Olá gente, boa noite!
Estou precisando de ajuda, por favor me ajude na procura de uma lenda do Saci Pererê ou do Curupira.
Kellyane
Vá no Google e busque por LENDA DO SACI-PERERÊ ou então LENDA DO CURUPIRA.
Beijos,
Lu
Lúcio
Fiquei impressionada com a clareza de seu texto! Contribuições brilhantes! Assistirei ao filme!
Saudações fraternas
Marcela
Marcela
Fico feliz e grato pelo “brilhante”.
Outro abraço.
Lúcio,
Tenho sua permissão para compartilhar em minha rede social? É tocante! No aguardo!
Saudações fraternas!
Marcela Maria
Claro… Fique à vontade!
Lúcio,
Seu texto aborda de forma clara e interessante conceitos da psicanálise e sua relação com o cotidiano.
Muito bom! Vou rever o filme.
Glaucia
Glaucia
Fico feliz que o objetivo esteja sendo alcançado…
Obrigado!
Lúcio
Depois de ler sua brilhante explicação sobre o filme “Ponte para Terabítia”, é impossível deixar de assistir a ele ou mesmo revê-lo. A nós leigos é muitas vezes impossível adentrarmos na história, a ponto de penetrarmos nos meandros da trama e analisarmos viceralmente esse ou aquele personagem, dissecando-o psicanaliticamente falando. Contar com sua ajuda foi de grande valia, pois, além de dissecar o comportamento de Jesse, mostrou-nos que por detrás do comportamento desestruturado das pessoas existe um mundo praticamente fechado, ao qual poucos têm acesso, de modo que não podemos nos deixar ser levados apenas pela ponta do iceberg.
Também, meu caro amigo, brilhantes são as suas explicações clínicas, sem tecnicismo ou verborragia, capazes de levar ao entendimento as pessoas simples.
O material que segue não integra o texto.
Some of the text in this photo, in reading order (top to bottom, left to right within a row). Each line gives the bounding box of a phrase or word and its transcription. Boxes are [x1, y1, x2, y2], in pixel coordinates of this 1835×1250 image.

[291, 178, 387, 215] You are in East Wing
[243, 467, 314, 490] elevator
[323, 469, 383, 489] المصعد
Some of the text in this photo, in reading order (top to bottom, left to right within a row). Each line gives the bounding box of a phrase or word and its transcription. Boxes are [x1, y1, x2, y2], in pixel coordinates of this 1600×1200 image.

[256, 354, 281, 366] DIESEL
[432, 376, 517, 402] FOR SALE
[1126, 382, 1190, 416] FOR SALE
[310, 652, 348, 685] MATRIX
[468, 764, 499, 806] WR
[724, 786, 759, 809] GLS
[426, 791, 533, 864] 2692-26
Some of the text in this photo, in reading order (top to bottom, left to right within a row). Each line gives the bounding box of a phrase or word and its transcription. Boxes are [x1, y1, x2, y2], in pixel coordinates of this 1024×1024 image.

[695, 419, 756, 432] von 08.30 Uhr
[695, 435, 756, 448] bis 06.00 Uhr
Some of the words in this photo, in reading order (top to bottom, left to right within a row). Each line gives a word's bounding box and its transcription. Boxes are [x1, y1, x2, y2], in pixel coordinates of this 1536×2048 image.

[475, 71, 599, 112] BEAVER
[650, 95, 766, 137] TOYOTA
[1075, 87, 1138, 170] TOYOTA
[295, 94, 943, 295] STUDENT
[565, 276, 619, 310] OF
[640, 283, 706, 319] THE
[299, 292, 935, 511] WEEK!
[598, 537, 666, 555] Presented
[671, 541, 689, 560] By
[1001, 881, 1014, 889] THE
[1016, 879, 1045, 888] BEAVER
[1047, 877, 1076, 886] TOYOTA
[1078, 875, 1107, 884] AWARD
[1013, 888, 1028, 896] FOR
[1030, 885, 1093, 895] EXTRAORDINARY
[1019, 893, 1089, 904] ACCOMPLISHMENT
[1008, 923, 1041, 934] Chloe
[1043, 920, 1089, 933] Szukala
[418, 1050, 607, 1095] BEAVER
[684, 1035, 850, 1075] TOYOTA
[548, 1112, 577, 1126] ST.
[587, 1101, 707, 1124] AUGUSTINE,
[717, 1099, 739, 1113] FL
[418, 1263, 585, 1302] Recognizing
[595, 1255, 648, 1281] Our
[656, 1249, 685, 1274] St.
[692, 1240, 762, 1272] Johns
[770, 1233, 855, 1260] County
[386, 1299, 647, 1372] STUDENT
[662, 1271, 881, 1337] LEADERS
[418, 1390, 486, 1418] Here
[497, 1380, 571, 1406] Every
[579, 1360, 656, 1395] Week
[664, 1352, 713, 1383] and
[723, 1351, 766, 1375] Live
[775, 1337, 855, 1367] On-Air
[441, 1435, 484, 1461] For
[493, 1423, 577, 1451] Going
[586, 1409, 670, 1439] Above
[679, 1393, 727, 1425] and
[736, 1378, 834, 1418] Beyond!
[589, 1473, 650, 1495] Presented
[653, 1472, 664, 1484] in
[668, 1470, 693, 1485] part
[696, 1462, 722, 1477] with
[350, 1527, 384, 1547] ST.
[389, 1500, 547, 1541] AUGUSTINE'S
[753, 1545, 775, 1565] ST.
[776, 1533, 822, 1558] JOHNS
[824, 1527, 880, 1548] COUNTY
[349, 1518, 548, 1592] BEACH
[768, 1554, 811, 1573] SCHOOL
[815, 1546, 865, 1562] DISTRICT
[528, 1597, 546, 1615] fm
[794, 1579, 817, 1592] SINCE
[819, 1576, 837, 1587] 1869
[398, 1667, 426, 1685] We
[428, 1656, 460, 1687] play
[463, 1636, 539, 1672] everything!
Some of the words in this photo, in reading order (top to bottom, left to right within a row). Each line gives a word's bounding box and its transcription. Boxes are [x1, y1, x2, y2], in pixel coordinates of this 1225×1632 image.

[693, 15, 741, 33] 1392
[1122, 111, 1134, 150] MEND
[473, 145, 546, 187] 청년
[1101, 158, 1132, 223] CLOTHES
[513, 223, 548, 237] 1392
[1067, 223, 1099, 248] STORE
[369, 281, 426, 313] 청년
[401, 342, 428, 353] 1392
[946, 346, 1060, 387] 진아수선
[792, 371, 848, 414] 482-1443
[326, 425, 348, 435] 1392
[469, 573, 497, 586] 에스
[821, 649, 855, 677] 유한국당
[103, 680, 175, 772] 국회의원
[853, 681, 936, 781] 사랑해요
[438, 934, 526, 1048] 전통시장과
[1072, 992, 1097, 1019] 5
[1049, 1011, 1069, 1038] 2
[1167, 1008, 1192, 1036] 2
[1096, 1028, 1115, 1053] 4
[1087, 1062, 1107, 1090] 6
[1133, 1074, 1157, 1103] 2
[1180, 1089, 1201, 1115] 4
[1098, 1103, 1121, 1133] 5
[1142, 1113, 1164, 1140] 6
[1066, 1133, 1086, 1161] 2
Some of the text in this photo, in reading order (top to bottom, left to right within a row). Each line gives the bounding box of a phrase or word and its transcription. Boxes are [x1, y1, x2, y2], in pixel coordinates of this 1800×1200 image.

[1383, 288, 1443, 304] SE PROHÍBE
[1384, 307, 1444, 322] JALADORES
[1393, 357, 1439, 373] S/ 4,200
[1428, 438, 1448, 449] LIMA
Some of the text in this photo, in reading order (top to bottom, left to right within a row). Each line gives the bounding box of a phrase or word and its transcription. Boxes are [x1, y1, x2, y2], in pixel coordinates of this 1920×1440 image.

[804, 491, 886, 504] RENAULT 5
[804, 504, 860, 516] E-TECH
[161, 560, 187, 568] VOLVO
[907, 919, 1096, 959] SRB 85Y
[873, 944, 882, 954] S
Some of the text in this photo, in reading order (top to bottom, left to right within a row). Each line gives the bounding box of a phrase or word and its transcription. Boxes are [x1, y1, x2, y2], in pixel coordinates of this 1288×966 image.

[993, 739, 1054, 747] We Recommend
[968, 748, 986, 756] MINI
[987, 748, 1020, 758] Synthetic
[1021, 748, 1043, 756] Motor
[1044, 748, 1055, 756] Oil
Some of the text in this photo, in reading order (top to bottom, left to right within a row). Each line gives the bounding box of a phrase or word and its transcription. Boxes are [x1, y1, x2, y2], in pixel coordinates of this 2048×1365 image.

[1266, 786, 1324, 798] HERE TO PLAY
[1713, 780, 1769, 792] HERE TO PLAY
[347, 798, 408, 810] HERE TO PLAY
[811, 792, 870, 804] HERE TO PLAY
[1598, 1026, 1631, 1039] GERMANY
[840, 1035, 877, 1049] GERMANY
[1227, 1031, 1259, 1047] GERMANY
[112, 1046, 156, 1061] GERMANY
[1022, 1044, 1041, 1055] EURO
Não resta dúvida de que, ao lermos seu texto sobre “Ponte para Terabítia”, saímos todos mais enriquecidos, pois realmente compreendemos aquilo que nos repassou. Que venham mais análises de filmes!
Abraços,
Lu
Fico feliz, amiga, pois essa é a ideia, fazer com que todos entendam e assim adquiram um novo olhar sobre o mundo e sobre as pessoas que é o mais importante. Quantas crianças sofrem trancadas dentro de si mesmas e sem poder contar com uma amizade iluminada como a de Leslie, e levam isso para a vida adulta com altíssimos custos. A psicanálise é minha verdadeira vocação e ajudar outras pessoas direta ou indiretamente, realmente me faz mais feliz.